Computing gradient of output with respect to input -- RuntimeError: Trying to backward through the graph a second time during training

muammar · August 21, 2020, 12:11am

I am building a model that outputs a scaler, and I need to compute the gradient of those outputs with respect to their inputs. I am doing something like the following:



def get_forces(outputs, coordinates):
    forces = []
    for index, (hash, image) in enumerate(coordinates.items()):
        for i, coordinate in image: 
            forces_ = -torch.autograd.grad(
                                      outputs[index], 
                                      coordinate,  
                                      create_graph=True,
                                      retain_graph=True
             )[0]
            forces.append(forces_)
    return torch.stack(forces)


while not converged:
    optimizer.zero_grad()  # clear previous gradients
    outputs = model(inputs)    # Note that inputs have requires_grad = True
    outputs = torch.stack(list(outputs.values())).sum(0)
    

    all_grad = get_gradients(outputs, coordinates[0])

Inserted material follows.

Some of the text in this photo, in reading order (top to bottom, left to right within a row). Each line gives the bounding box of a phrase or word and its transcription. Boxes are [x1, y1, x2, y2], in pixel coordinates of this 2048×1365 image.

    outputs = {"scalar": outputs, "gradiend": all_grad}

    criterion = CustomLossFunction(gradient=True)
    loss = criterion(outputs, targets)    # This loss uses both scalar and gradient
    
    loss.backward()  
    optimizer.step()

    epoch += 1

    
    if epoch == stop:
        converged = True

The first epoch passes correctly, but at the second epoch I get:

RuntimeError: Trying to backward through the graph a second time, but 
he saved intermediate results have already been freed. Specify 
retain_graph=True when calling backward the first time.

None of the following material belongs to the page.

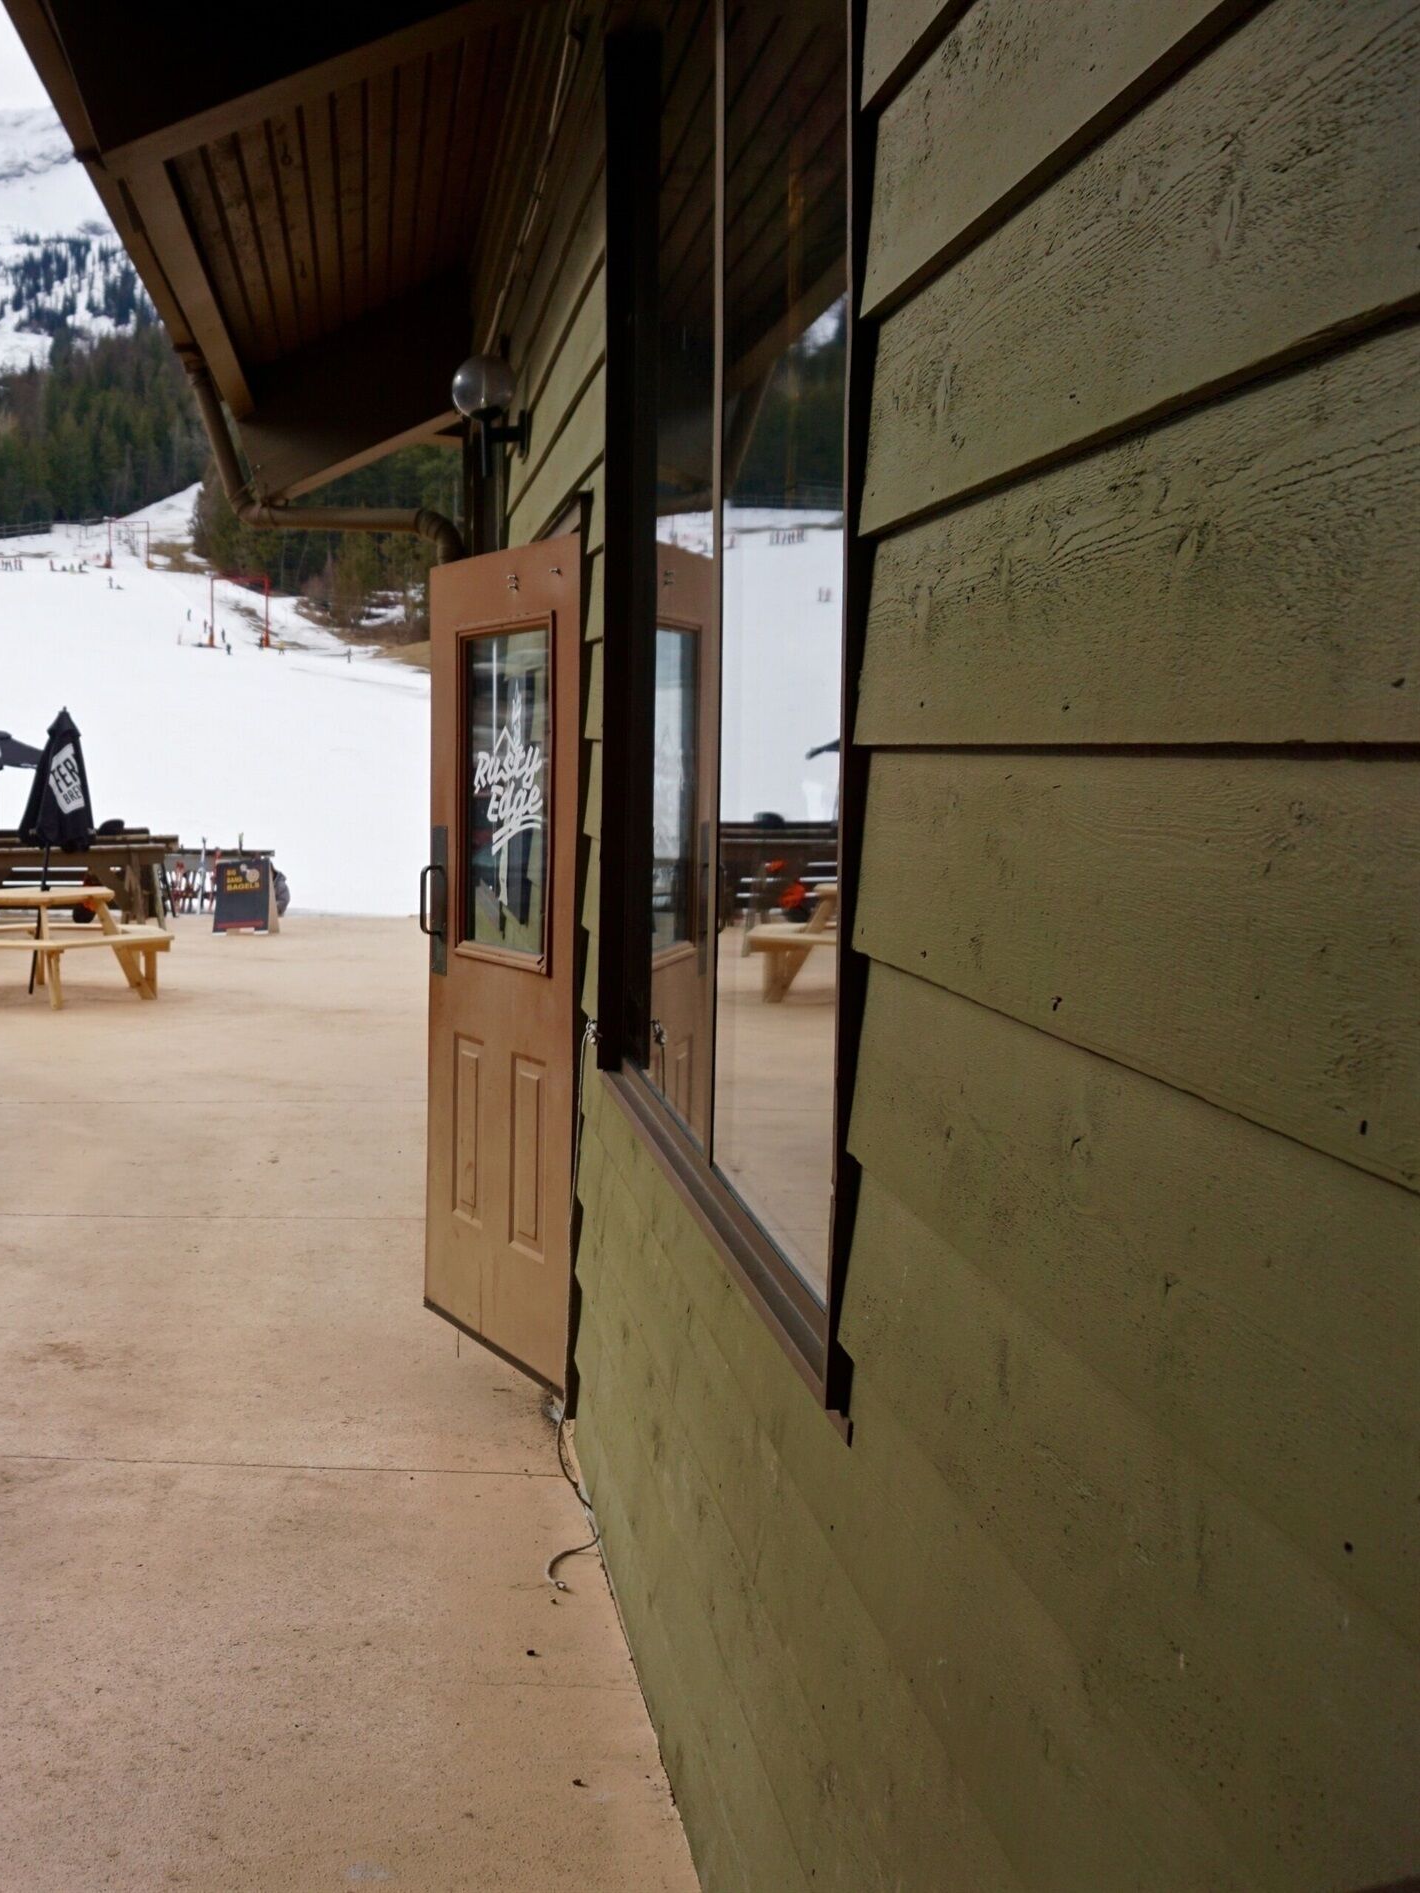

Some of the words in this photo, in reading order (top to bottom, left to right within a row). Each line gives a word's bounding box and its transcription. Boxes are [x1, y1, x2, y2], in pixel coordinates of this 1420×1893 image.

[474, 745, 542, 794] Rusty
[487, 781, 543, 829] Edge
[226, 881, 260, 891] BAGELS

How can this be solved? How can I compute the gradient of the output of my neural network with respect to its inputs without having this issue? Meanwhile, I am reading on the forum about how other people have solved this.

albanD · August 21, 2020, 12:18am

Hi,

This is most likely not linked to your get_gradients() function.
But more to the fact that something that you using in the loop (inputs or coordinates) already has a history (you made some operations with it while it was requiring gradients) and so this part of the graph is shared across iterations.
You want to make sure that this is not the case and that you re-create the graph at each iteration.

In particular here, if you get gradients for coordinates from outputs while only inputs were used. I guess you have a graph that links inputs and coordinates and this one is shared across iterations.
You should move that computation inside the while loop.

muammar · August 21, 2020, 1:59am

This makes total sense and it is the case. This is what I am doing:

Coordinates === mapping function ===> Features  ====> model ====> output

The training loop is effectively from Features instead of Coordinates (these have requires_grad=True). The reason for that is because features are not being optimized and to avoid recomputing them on each epoch I just calculated them once. After your explanation, my mapping function has to be moved into model or the training loop so that inputs are really Coordinates and not Features. Is there any way I can make this work without mapping coordinates into features at every epoch?

albanD · August 21, 2020, 1:33pm

Hi,

There is no magic trick to force the autograd to only keep part of the graph I’m afraid.
If you want to avoid recomputing this, you can call .backward(retain_graph=True) which might increase you peak memory a little bit. Also if you do that, I would recommend you either:

Move the content of the while loop into a different function. To make sure that at the end of the loop, all the temporary variable are deleted before starting the next operation
Add a bunch of del foo at the end of your loop for outputs, all_grad, and loss. (again to make sure they don’t stay alive until the next iteration).

muammar · August 21, 2020, 5:17pm

Thanks @albanD. Your replies were very helpful. After moving the mapping function to the training loop I can see effectively that .backward() does not complain anymore. Now the next problem I am trying to solve is gradients are basically zero where they should not be I hope to figure it out.

albanD · August 21, 2020, 5:52pm

You can do .register_hook(fn) on any Tensor and fn will be called with the grad computed for this Tensor. That can help you print out gradients to track it down
Good luck!